WHAT THE TASK ASKS:
Every entry should be returned exactly. Omit none of them.
----------
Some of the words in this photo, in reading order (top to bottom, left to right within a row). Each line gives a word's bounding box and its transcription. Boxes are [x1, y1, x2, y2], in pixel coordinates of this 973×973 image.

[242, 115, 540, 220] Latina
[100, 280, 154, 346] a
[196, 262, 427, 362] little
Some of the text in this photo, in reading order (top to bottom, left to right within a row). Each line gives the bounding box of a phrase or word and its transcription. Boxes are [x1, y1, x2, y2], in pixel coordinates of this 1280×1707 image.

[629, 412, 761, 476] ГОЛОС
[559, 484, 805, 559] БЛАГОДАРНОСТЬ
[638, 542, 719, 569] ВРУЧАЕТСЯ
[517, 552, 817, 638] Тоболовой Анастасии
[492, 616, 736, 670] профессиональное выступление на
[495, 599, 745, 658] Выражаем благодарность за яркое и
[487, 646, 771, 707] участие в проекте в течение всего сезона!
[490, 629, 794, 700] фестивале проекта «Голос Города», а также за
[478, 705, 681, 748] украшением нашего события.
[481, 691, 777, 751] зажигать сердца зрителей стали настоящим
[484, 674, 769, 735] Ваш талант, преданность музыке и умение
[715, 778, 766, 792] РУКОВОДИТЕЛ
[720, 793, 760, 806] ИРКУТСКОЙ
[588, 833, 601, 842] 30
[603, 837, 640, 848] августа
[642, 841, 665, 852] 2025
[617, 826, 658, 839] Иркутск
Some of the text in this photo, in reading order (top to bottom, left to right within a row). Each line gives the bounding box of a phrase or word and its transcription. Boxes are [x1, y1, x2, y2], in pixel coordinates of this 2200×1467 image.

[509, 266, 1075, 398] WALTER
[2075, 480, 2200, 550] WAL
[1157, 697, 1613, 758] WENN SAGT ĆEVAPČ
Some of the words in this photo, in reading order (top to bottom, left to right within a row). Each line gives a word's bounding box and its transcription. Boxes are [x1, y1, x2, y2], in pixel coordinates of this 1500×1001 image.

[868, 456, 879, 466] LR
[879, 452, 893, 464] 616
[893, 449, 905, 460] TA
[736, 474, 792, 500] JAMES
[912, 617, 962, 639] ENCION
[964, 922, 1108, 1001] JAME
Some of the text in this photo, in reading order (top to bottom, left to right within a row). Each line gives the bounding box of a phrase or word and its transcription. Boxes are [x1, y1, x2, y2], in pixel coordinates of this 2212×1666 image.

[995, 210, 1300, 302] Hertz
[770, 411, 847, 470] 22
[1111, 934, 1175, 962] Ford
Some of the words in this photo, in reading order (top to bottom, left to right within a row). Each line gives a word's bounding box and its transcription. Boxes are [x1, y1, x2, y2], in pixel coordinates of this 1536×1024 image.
----------
OUTPUT OF THE EXERCISE:
Some of the words in this photo, in reading order (top to bottom, left to right within a row). Each line gives a word's bounding box and its transcription. Boxes are [x1, y1, x2, y2], in pixel coordinates of this 973×973 image.

[242, 115, 540, 220] Latina
[100, 280, 154, 346] a
[196, 262, 427, 362] little
Some of the text in this photo, in reading order (top to bottom, left to right within a row). Each line gives the bounding box of a phrase or word and its transcription. Boxes are [x1, y1, x2, y2], in pixel coordinates of this 1280×1707 image.

[629, 412, 761, 476] ГОЛОС
[559, 484, 805, 559] БЛАГОДАРНОСТЬ
[638, 542, 719, 569] ВРУЧАЕТСЯ
[517, 552, 817, 638] Тоболовой Анастасии
[492, 616, 736, 670] профессиональное выступление на
[495, 599, 745, 658] Выражаем благодарность за яркое и
[487, 646, 771, 707] участие в проекте в течение всего сезона!
[490, 629, 794, 700] фестивале проекта «Голос Города», а также за
[478, 705, 681, 748] украшением нашего события.
[481, 691, 777, 751] зажигать сердца зрителей стали настоящим
[484, 674, 769, 735] Ваш талант, преданность музыке и умение
[715, 778, 766, 792] РУКОВОДИТЕЛ
[720, 793, 760, 806] ИРКУТСКОЙ
[588, 833, 601, 842] 30
[603, 837, 640, 848] августа
[642, 841, 665, 852] 2025
[617, 826, 658, 839] Иркутск
Some of the text in this photo, in reading order (top to bottom, left to right within a row). Each line gives the bounding box of a phrase or word and its transcription. Boxes are [x1, y1, x2, y2], in pixel coordinates of this 2200×1467 image.

[509, 266, 1075, 398] WALTER
[2075, 480, 2200, 550] WAL
[1157, 697, 1613, 758] WENN SAGT ĆEVAPČ
Some of the words in this photo, in reading order (top to bottom, left to right within a row). Each line gives a word's bounding box and its transcription. Boxes are [x1, y1, x2, y2], in pixel coordinates of this 1500×1001 image.

[868, 456, 879, 466] LR
[879, 452, 893, 464] 616
[893, 449, 905, 460] TA
[736, 474, 792, 500] JAMES
[912, 617, 962, 639] ENCION
[964, 922, 1108, 1001] JAME
Some of the text in this photo, in reading order (top to bottom, left to right within a row). Each line gives the bounding box of a phrase or word and its transcription. Boxes are [x1, y1, x2, y2], in pixel coordinates of this 2212×1666 image.

[995, 210, 1300, 302] Hertz
[770, 411, 847, 470] 22
[1111, 934, 1175, 962] Ford
Some of the words in this photo, in reading order (top to bottom, left to right within a row). Each line gives a word's bounding box and its transcription. Boxes are [x1, y1, x2, y2], in pixel coordinates of this 1536×1024 image.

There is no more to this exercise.